In 11 Jahren seit dem Inkrafttreten des Sozialgesetzbuches II (welches vieles, aber beileibe nicht alles zum Arbeitslosengeld II regelt) hat dieses Gesetz bereits die 9te Änderung erfahren. Und fast nie ist etwas verbessert worden (zumindest aus Sicht der Betroffenen). Meist ist das Gegenteil der Fall oder die Neuerungen sind unzulänglich.
In unserer letzten Ausgabe, Nr. 197, berichteten wir über die Änderungen im Wohngeldgesetz und die bevorstehende 9te Änderung zum SGB II. Im August ist diese dann durch Bundestag und Bundesrat beschlossen worden.
Wir rufen uns in Erinnerung: zu den umstrittenen Sanktionen (insbesondere im Bereich der unter 25jährigen) wurde nichts entschärft oder zurückgenommen. Sie wurden einfach gar nicht behandelt. Ein anderer heftig umstrittener Punkt war der Abzug vom Regelbedarf der Kinder von getrennt lebenden oder alleinerziehenden Eltern. Für die Tage, die ein Kind nicht bei dem Elternteil lebt, welches im Leistungsbezug von ALG II ist, sollte die entsprechende Summe anteilig heraus gerechnet werden. Und mal wieder liefen die Betroffenen und Organisationen und Institutionen, die deren Situation kennen und sich für sie einsetzen (vom DGB über die Wohlfahrtsverbände bis hin zu Erwerbslosengruppen und anderen Vereinen und Einrichtungen), Sturm dagegen. Mit Erfolg. Dieses Vorhaben wurde gecancelt.
Durchaus positiv und tatsächlich auf beiden Seiten vereinfachend (weil Arbeit ersparend), ist die Verlängerung des Bewilligungszeitraumes von einem halben auf ein ganzes Jahr. Ebenfalls können jetzt Auszubildende unter bestimmten Bedingungen ALG II beantragen.
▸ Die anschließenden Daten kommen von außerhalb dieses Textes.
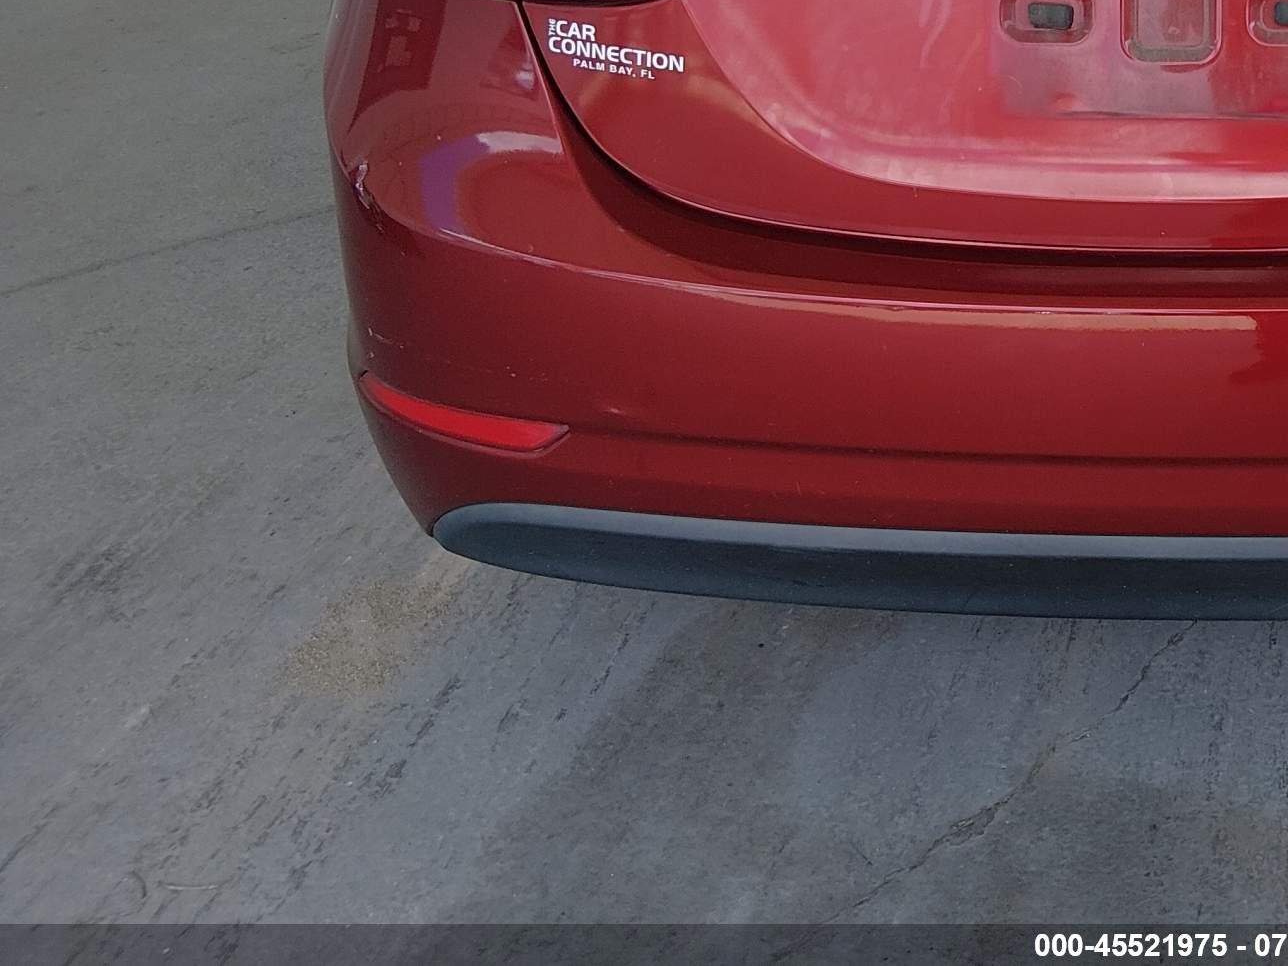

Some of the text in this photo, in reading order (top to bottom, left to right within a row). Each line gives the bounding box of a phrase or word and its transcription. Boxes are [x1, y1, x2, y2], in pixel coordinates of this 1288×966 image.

[548, 18, 596, 42] THE CAR
[548, 36, 685, 73] CONNECTION
[573, 58, 656, 80] PALM BAY, FL
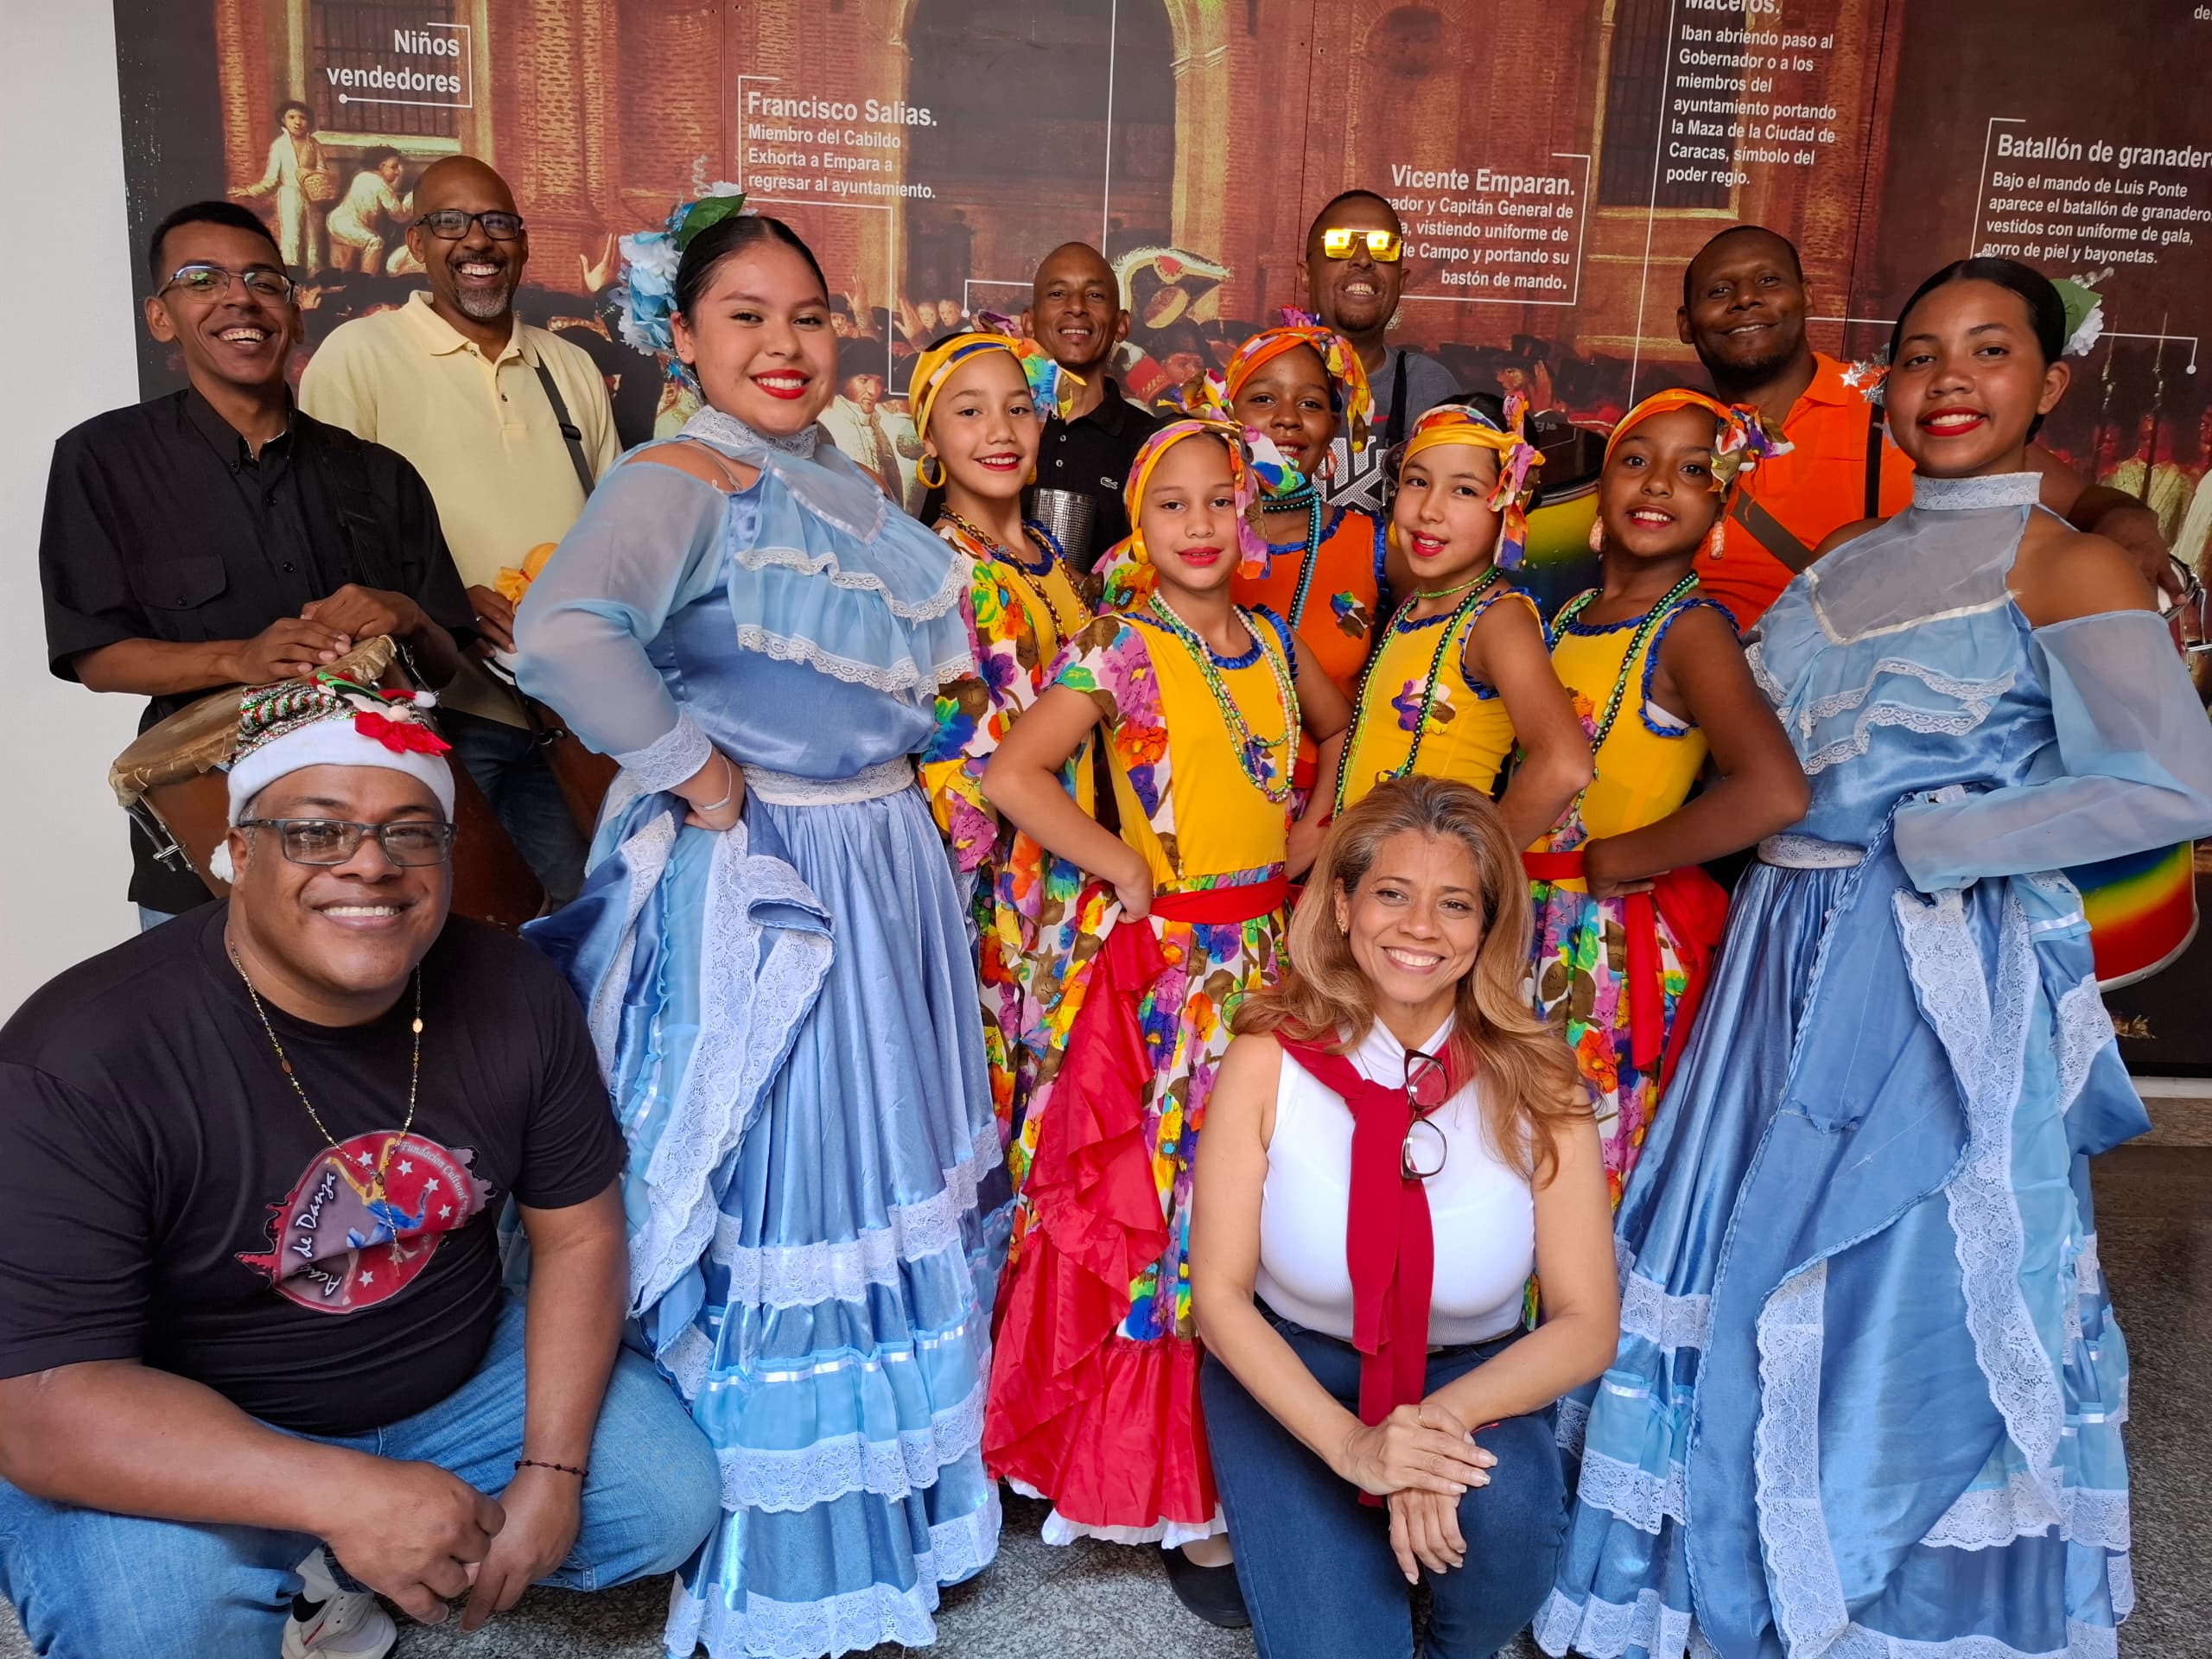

Den wenigen positiven Punkten stehen aber wieder eine Reihe von Negativentwicklungen gegenüber. Menschen, die ergänzendes ALG II bekommen oder auch Selbstständige haben oft jeden Monat eine andere Einkommenssumme (bei Selbstständigen manchmal auch gar nichts). Üblich ist, dass sich die Sachbearbeitung des Job-Centers und die Betroffenen dann auf einen Zeitraum einigen (meist ein halbes Jahr), in dem eine bestimmte Summe pauschal abgezogen wird und nach dem Zeitraum wird konkret abgerechnet. Die Einkommensbereinigung läuft so (jede/r in einer Bedarfsgemeinschaft, der oder die arbeiten, hat diese Bereinigungsmöglichkeit):
100 Grundfreibetrag; 20 Prozent Freibetrag von 101 bis 1.000 Euro; 10 Prozent von 1.001 bis 1.200 (bei minderjährigen Kindern in der BG sogar bis 1.500 Euro) Freibetrag. Dazu werden sämtliche Steuern und Sozialabgaben zu Gunsten der Leistungsbeziehenden abgezogen.
In Zukunft sollen im Verlaufe des Abrechnungszeitraumes nur die 100 Euro Freibetrag angerechnet werden können und alle darüber hinausgehenden Freibeträge nicht gleich abgezogen werden. Erst nach dem Zeitraum wird konkret abgerechnet, aber nur, wenn die betroffene Person das auch beantragt!! Es fehlt in diesem halben Jahr also Monat für Monat Geld zum Leben und wenn jemand die neue Regelung des Beantragens nicht kennt, sagt das Job-Center noch zusätzlich "Ätsch". Du bekommst auch keine nachträgliche Bereinigung mehr?! Das kann es doch nun wirklich nicht sein. Schon bei dieser Regelung können wir nur hoffen, dass die Sozialgerichte mit solchem Unfug Schluss machen.
Noch skurriler ist eine neue Sanktionsandrohung. Sie firmiert unter dem Begriff: "sozialwidriges Verhalten".
Wer eine vorgeschlagene Stelle ablehnt, sich nicht vorstellt etc., kann mit jahrelangen Geldabzügen vom monatlichen Regelbedarf rechnen. Das Job-Center soll dann herausbekommen, ob die Person diese Stelle bekommen hätte, was sie verdient hätte. Diese Summe kann dann jahrelang verrechnet werden. Mal davon abgesehen, dass kaum vorstellbar ist, wie das in der Praxis umgesetzt werden kann: wer solche Gesetze bzw. Gesetzesteile beschließt, muss die betroffenen Menschen wohl eher als Feinde betrachten, weniger als Hilfsbedürftige.